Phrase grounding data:
*****

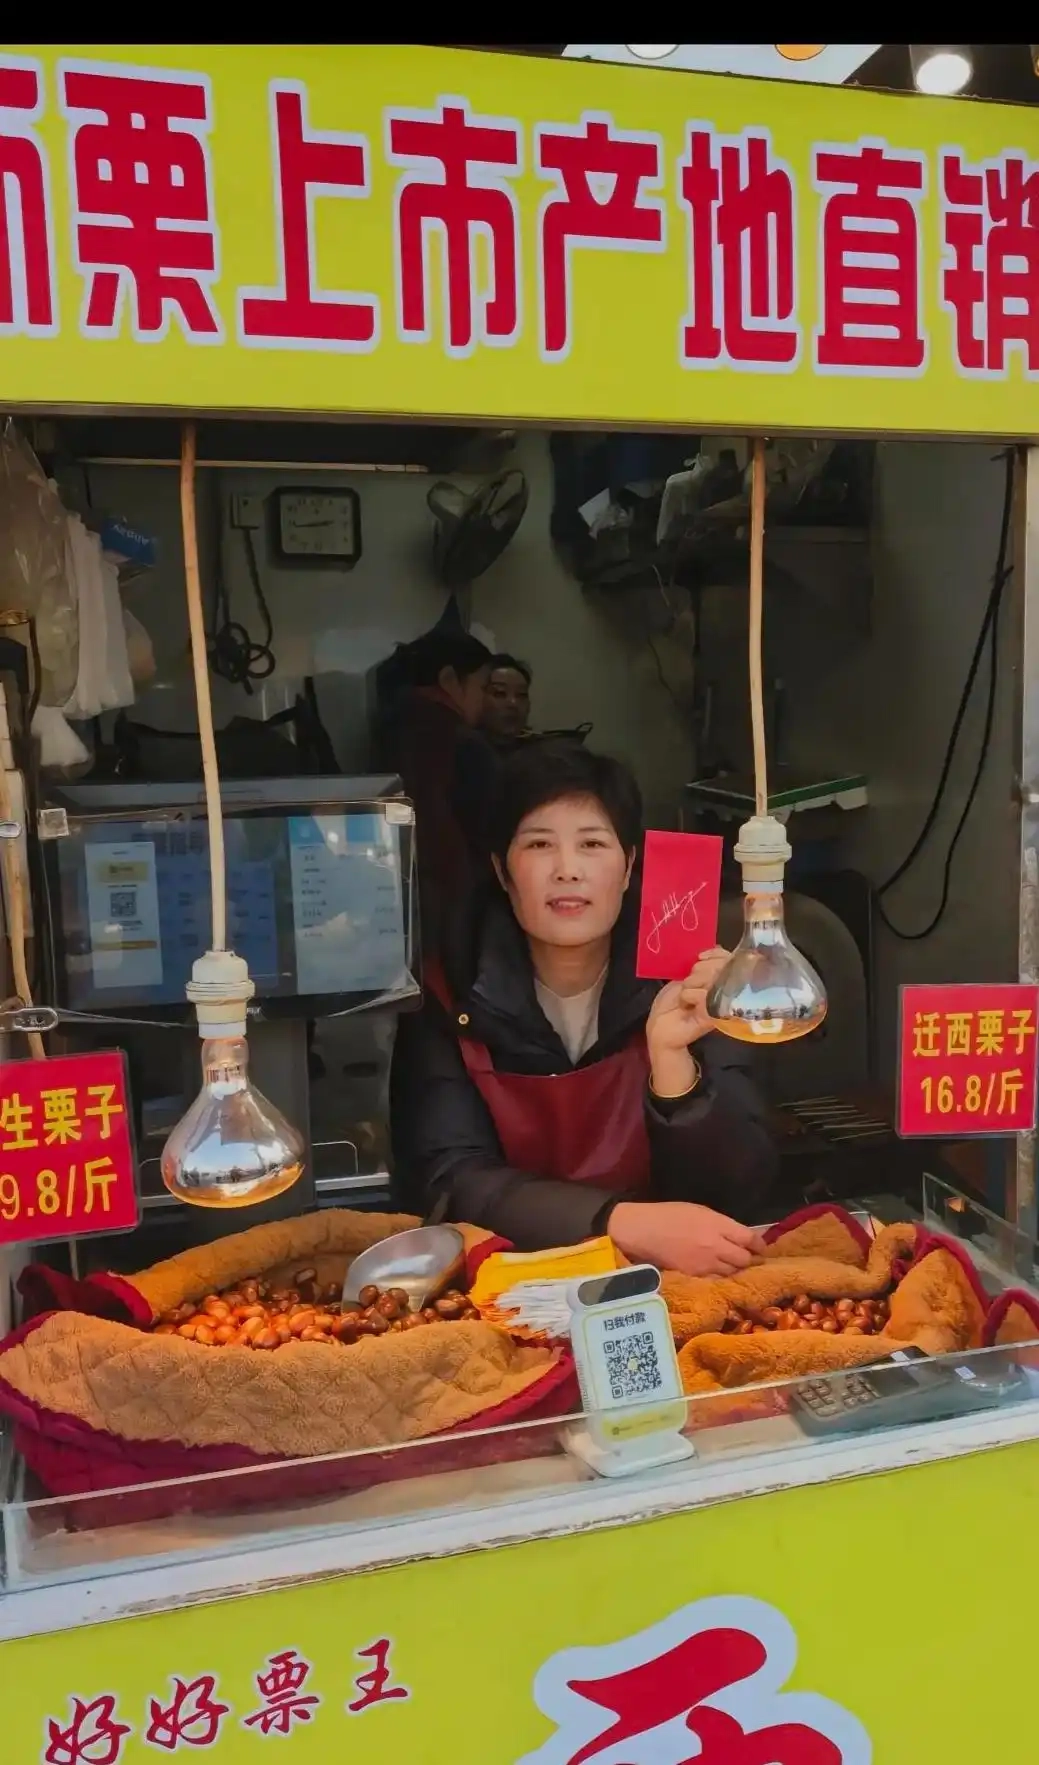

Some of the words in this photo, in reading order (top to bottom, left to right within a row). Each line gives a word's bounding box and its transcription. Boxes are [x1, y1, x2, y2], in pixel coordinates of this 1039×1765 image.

[912, 1010, 1035, 1057] 迁西栗子
[920, 1068, 1024, 1116] 16.8/斤
[0, 1084, 124, 1150] 生栗子
[603, 1311, 646, 1332] 扫我付款
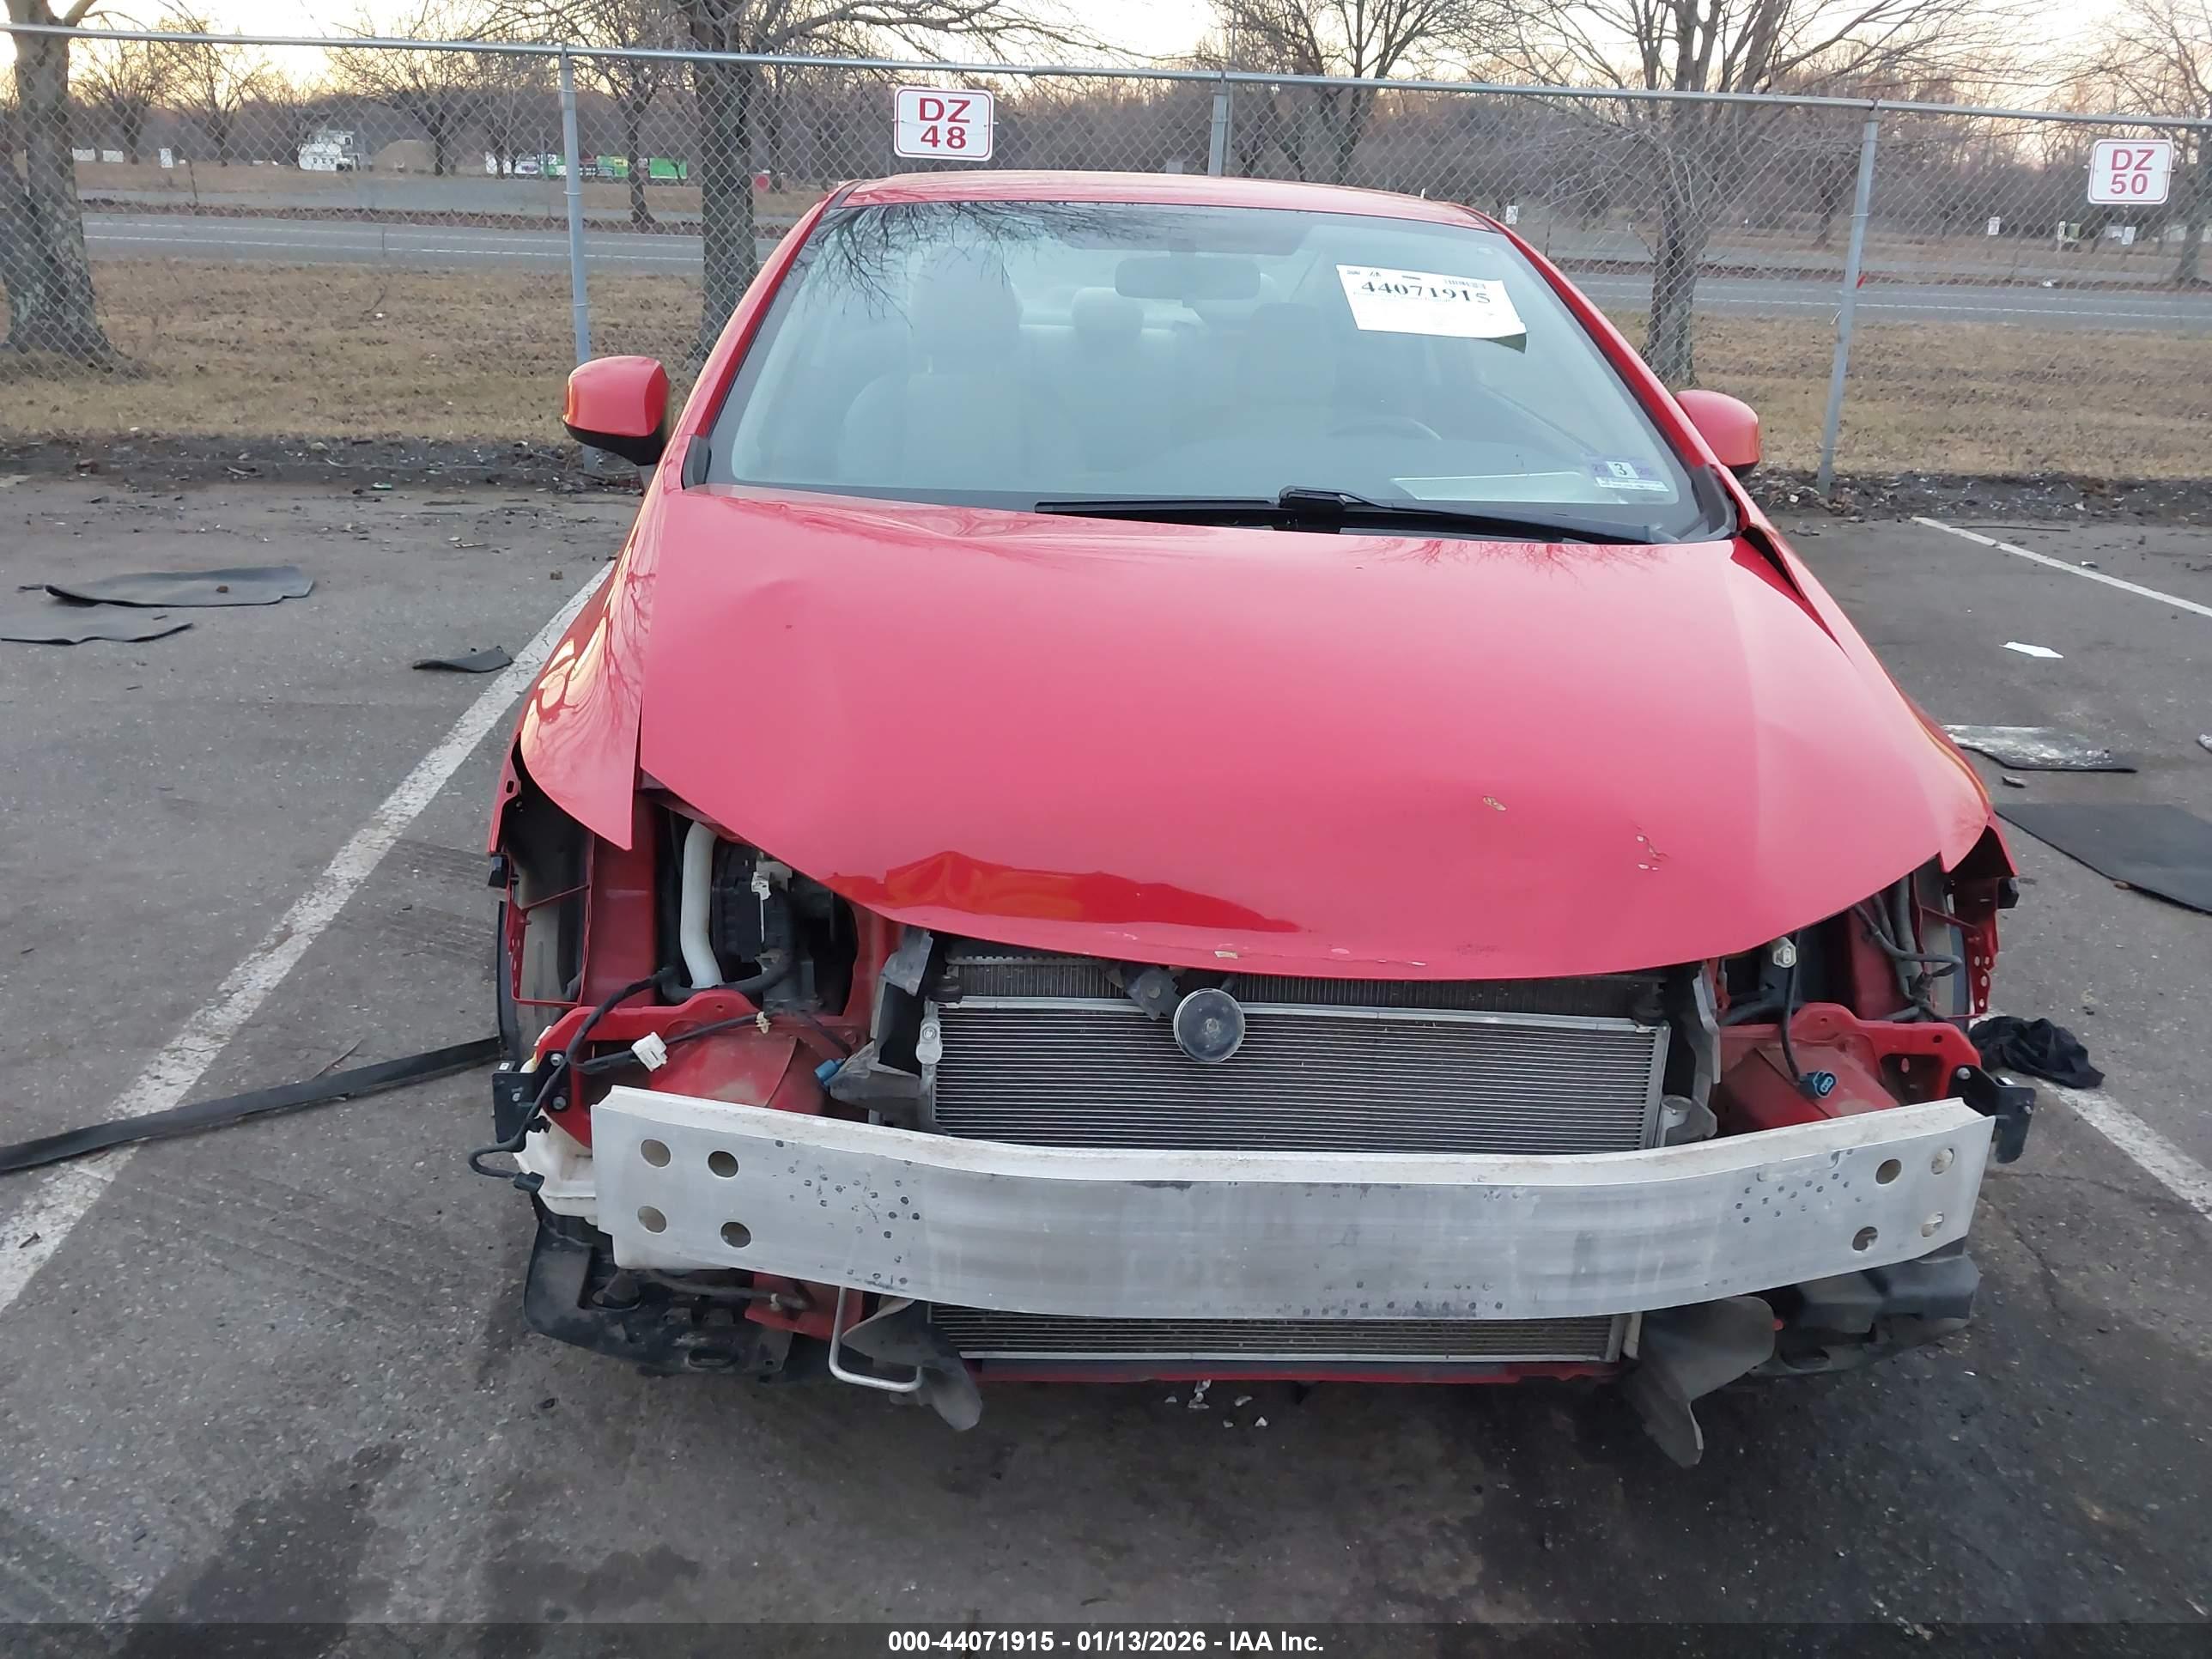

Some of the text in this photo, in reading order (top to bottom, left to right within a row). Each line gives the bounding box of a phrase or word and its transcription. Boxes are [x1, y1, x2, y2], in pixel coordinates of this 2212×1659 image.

[919, 97, 971, 124] DZ
[920, 125, 967, 149] 48
[2111, 149, 2155, 171] DZ
[2110, 173, 2148, 195] 50
[1613, 463, 1628, 476] 3
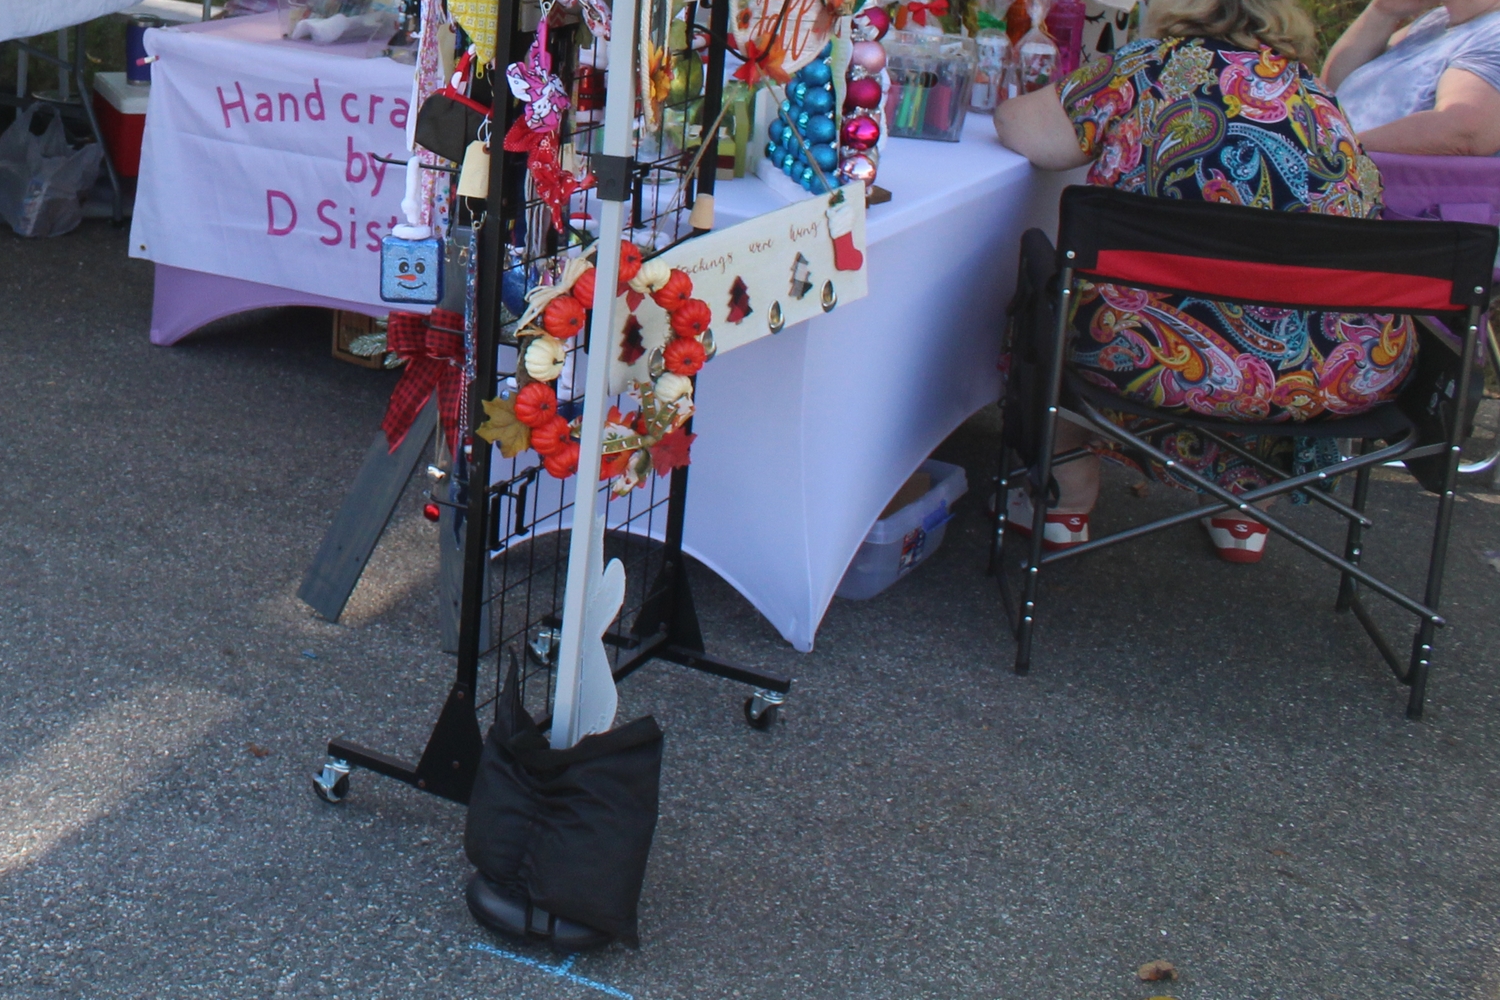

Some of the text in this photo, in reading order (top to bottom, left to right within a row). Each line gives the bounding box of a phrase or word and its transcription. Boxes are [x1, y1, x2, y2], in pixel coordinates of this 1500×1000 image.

[216, 78, 410, 130] Hand cra
[345, 135, 394, 198] by
[266, 188, 298, 236] D
[675, 251, 734, 275] ockings
[789, 220, 821, 242] hung
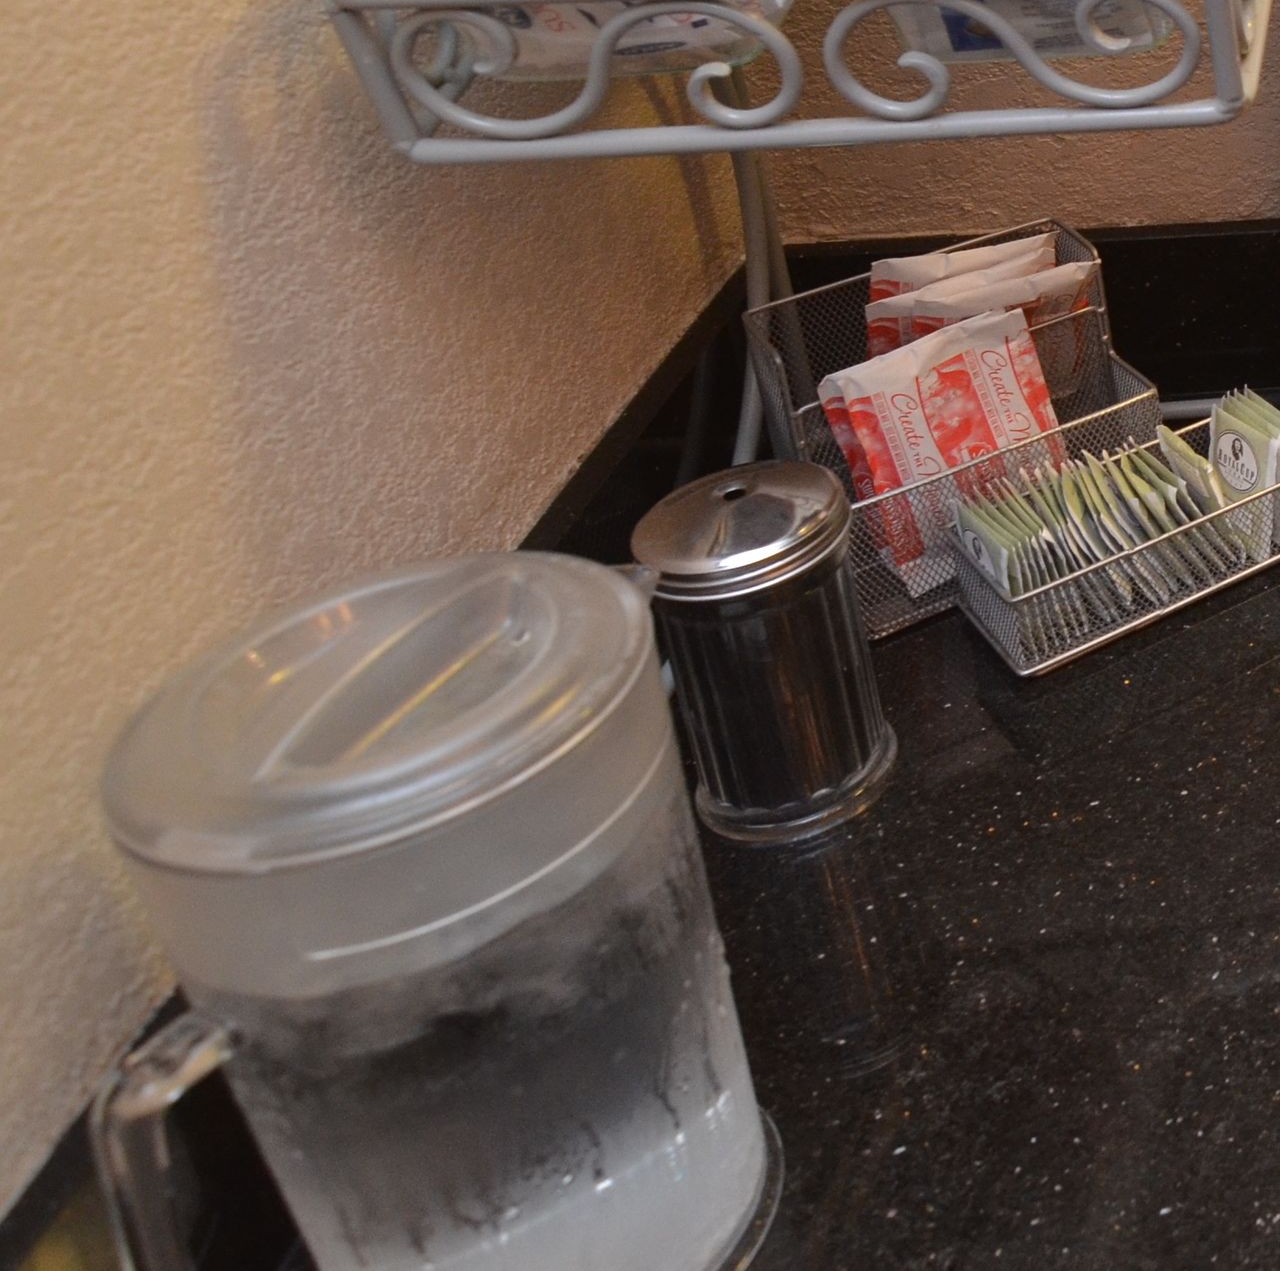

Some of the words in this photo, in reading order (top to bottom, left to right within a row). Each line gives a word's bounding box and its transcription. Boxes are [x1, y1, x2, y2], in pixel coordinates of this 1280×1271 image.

*****

Only the pictures are to be left out; write out all the other data exactly.

Some of the words in this photo, in reading order (top to bottom, left to right within a row). Each line gives a word's bounding box and its transcription. Boxes are [x1, y1, x2, y2], in pixel coordinates of this 1039×1765 image.

[912, 1010, 1035, 1057] 迁西栗子
[920, 1068, 1024, 1116] 16.8/斤
[0, 1084, 124, 1150] 生栗子
[603, 1311, 646, 1332] 扫我付款

Some of the text in this photo, in reading order (top to bottom, left to right within a row). Each line gives the bounding box of a phrase or word and its transcription. Boxes are [x1, y1, x2, y2], in pixel coordinates of this 2212×1659 image.

[919, 97, 971, 124] DZ
[920, 125, 967, 149] 48
[2111, 149, 2155, 171] DZ
[2110, 173, 2148, 195] 50
[1613, 463, 1628, 476] 3

Some of the text in this photo, in reading order (top to bottom, left to right within a row). Each line gives the bounding box of a phrase or word and its transcription. Boxes are [x1, y1, x2, y2], in pixel coordinates of this 1500×1000 image.

[216, 78, 410, 130] Hand cra
[345, 135, 394, 198] by
[266, 188, 298, 236] D
[675, 251, 734, 275] ockings
[789, 220, 821, 242] hung

Some of the words in this photo, in reading order (top to bottom, left to right within a row). Each line gives a word's bounding box and its transcription. Boxes are [x1, y1, x2, y2], in pixel coordinates of this 1280×1271 image.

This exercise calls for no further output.